In September 2024, Eurobank finalised the acquisition of a 26.1% stake in Cypriot Hellenic Bank thus increasing its stake in Hellenic to 55.9 per cent of the Cypriot bank's shares. On 7 November 2024, Eurobank increased its stake in Hellenic Bank to 68.81% of the shares and announced its intention to make a full bid on Hellenic. On 11 February 2025, Eurobank announced that its stake in Hellenic Bank reached 93.47% of the shares and the launch of a mandatory public offer to acquire the remaining shares of Hellenic Bank, in order to complete the acquisition by obtaining full ownership of Hellenic Bank and then delist it from the Cyprus Stock Exchange. On 1 September 2025, Eurobank Ergasias finalised the merger of Hellenic Bank with its Cypriot subsidiary (Eurobank Cyprus), which discontinued the 'Hellenic Bank' brand.

==Major acquisitions==
- In 1998, 78.23% of Postbank was taken over.
- In 2000 Acquisition of a 19.25% participation in Bancpost in Romania, which was later increased
- In 2002 EFG Eurobank Ergasias – Telesis Investment Bank merger. Acquisition of 50% in Alico / CEH Balkan Holdings leading to a 43% participation in Postbank.
- In 2003 Merger through absorption of "Ergoinvest S.A.". Merger by absorption of "Investment Development Fund S.A.". Establishment of Euroline Retail Services (Romania) - 80% Eurobank Cards and 19.961% Bancpost. Establishment of Eurocredit Retail Services (Cyprus) as a 100% subsidiary of Eurobank Cards.
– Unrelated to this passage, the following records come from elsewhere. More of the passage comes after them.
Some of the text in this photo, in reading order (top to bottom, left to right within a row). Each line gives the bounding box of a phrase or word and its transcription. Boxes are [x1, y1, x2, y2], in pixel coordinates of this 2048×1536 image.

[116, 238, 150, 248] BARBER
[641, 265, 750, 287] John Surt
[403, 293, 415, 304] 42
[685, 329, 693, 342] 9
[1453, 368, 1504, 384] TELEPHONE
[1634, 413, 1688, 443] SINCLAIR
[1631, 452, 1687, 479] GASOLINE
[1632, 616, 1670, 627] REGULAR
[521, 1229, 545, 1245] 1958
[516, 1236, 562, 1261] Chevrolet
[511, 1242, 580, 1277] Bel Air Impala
- In 2004 Establishment of Euroline Retail Services AD (Serbia) - 100% subsidiary of Eurobank Cards
- In 2006 Acquisition of 100% of Nacionalna štedionica–banka in Serbia and forming Eurobank a.d.
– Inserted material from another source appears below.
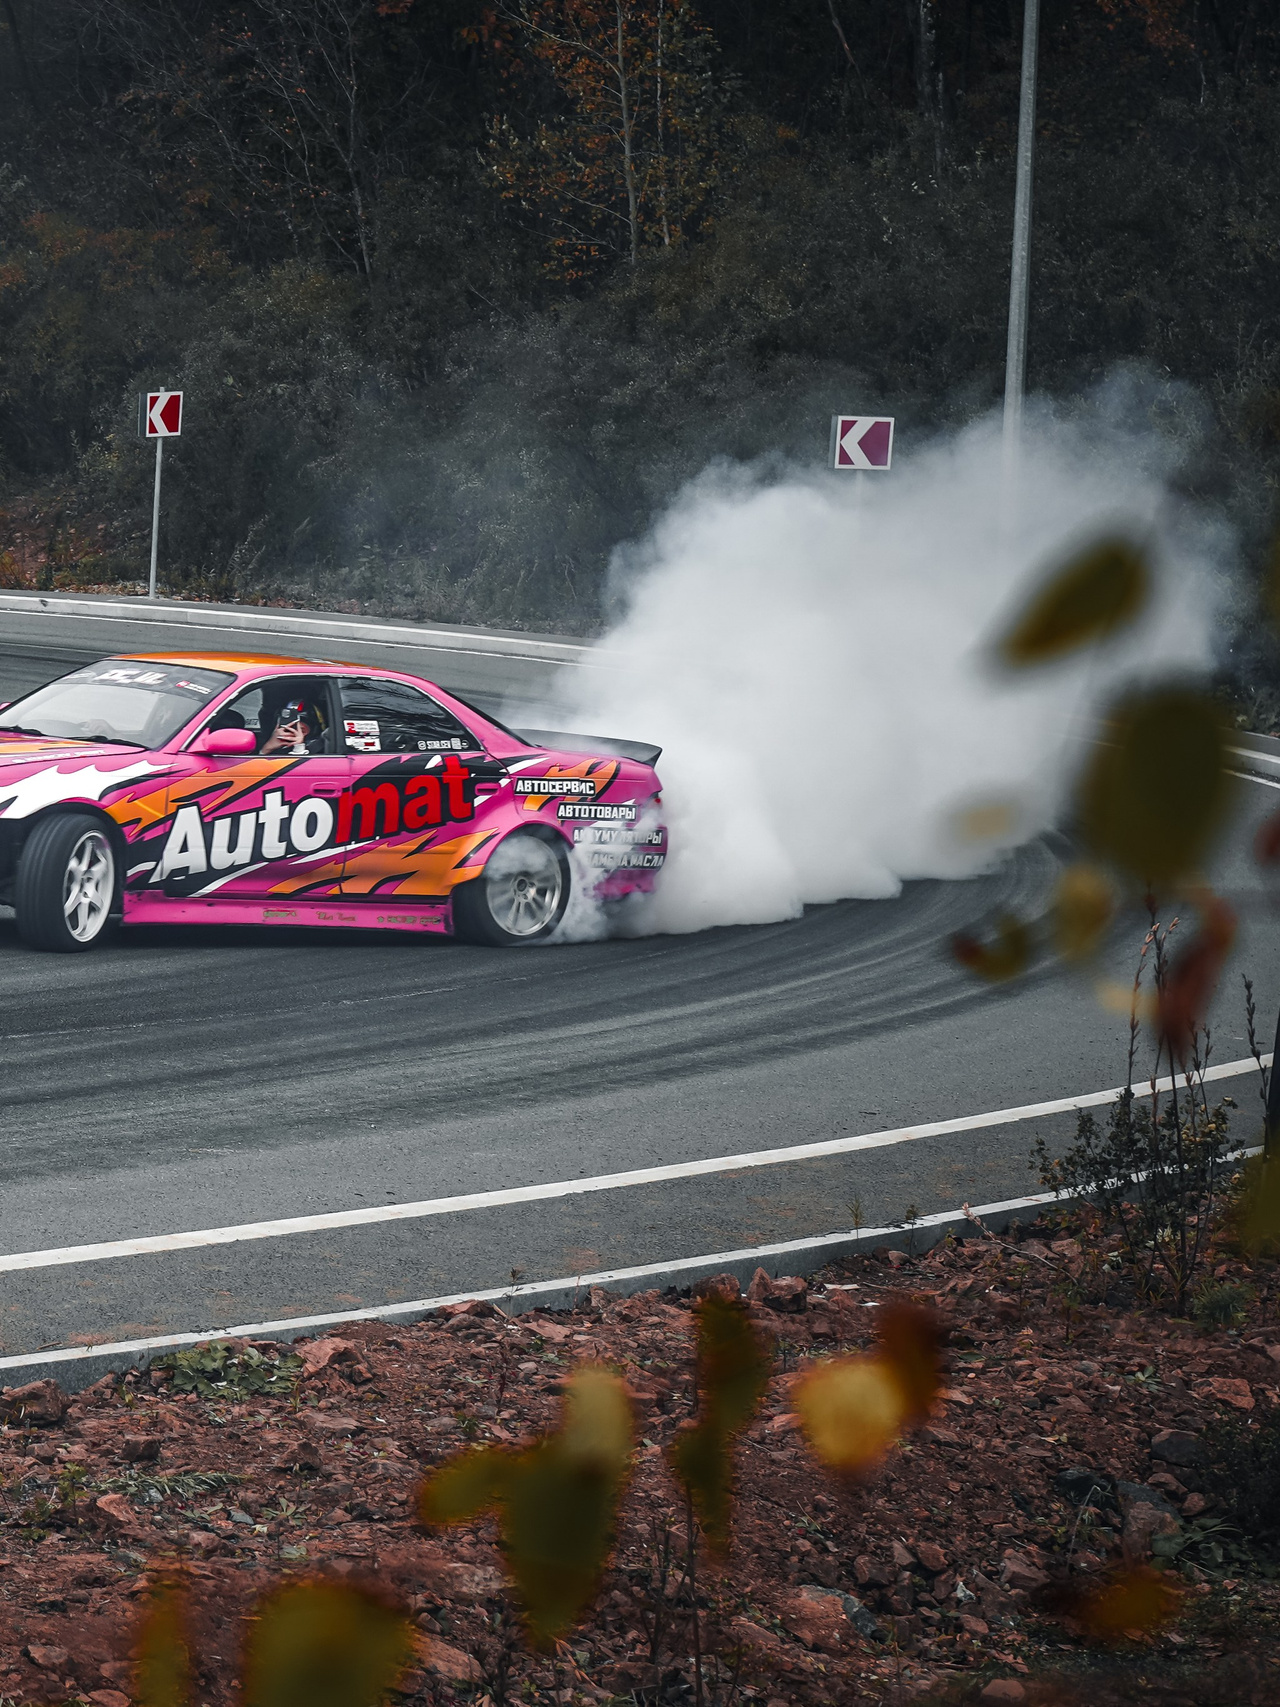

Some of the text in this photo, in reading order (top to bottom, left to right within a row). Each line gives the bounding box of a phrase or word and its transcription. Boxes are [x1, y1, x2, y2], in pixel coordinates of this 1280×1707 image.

[516, 780, 595, 795] АВТОСЕРВИС
[149, 755, 470, 883] Automat
[558, 805, 636, 820] АВТОТОВАРЫ
- In 2006 Acquisition of 70% of Tekfenbank, which is a Turkish bank, 99.3% of Universal Bank in Ukraine and 74.3% of Postbank.
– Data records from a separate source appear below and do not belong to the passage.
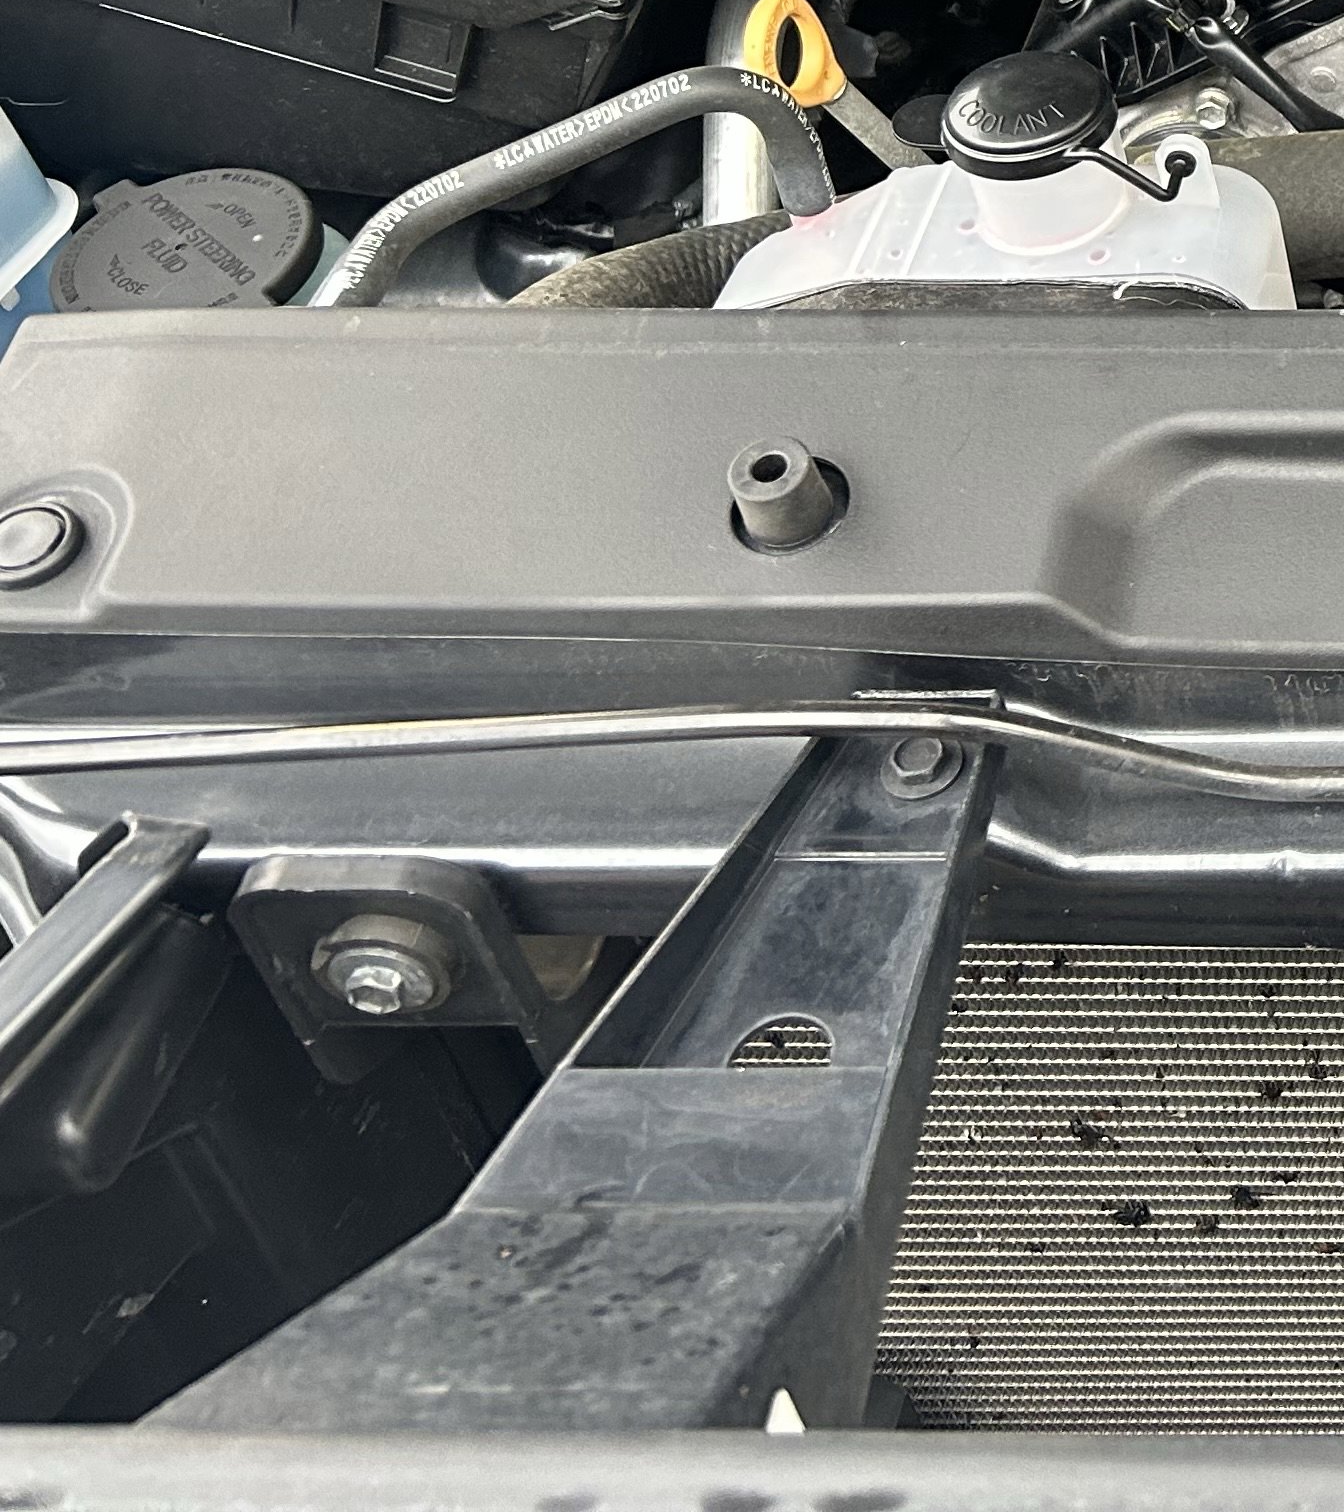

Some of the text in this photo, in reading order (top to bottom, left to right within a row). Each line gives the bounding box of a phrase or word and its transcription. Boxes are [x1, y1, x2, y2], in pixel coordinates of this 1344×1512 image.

[958, 100, 1065, 136] COOLANT
[223, 203, 256, 229] OPEN
[142, 192, 196, 236] POWER
[185, 227, 256, 286] STEERING
[142, 238, 189, 274] FLUID
[107, 266, 150, 296] CLOSE
- On 23 December 2012, Eurobank sells all its shares (70%) of the Tekfenbank to Kuwait's Burgan Bank.
- During 2014, Eurobank receives a total of $1.55 billion from several investors including Wilbur Ross (€37.5 million) and the Prem Watsa founded Fairfax Financial (€400 million).
- On 16 January 2015, Eurobank asks Greek Central Bank for Emergency Liquidity Assistance (ELA)
- On 17 July 2015 the subsidiary Postbank buys the Bulgarian branches of fellow Greek lender Alpha Bank.
- In April 2018, its Romanian subsidiary, Bancpost, was sold to Banca Transilvania, the largest Romanian bank.
- In November 2018, Eurobank announced the acquisition of the real estate investment company Grivalia Properties, controlled by Fairfax Financial through its 51% stake. Fairfax increased its stake in Eurobank after the takeover from 18% to 32.9%. In the same month, Eurobank acquired Piraeus Bank's banking subsidiary in Bulgaria (PBB).
- In 2024-2025, Eurobank acquired lender Hellenic Bank and merged it with its Cypriot subsidiary (Eurobank Cyprus)

==Branches==
===Serbia===

Eurobank Direktna (Eurobank Direktna akcionarsko društvo Beograd) is a bank founded in 1997, with headquarters in Belgrade, Serbia. In March 2003, Eurobank acquired 68% of Postbanka AD Beograd and eventually renamed it EFG Eurobank AD Beograd. This was followed by the merger with Nacionalna štedionica Banka. In October 2006, the bank began operating under a single brand, name and visual identity. In 2016, the bank had €1.337 billion in assets and revenue of €18.42 million. In December 2021, the bank merged with Direktna Banka and was renamed to Eurobank Direktna. In November 2023, Serbian AIK Banka bought the majority of shares of the bank, for a total of 280 million euros.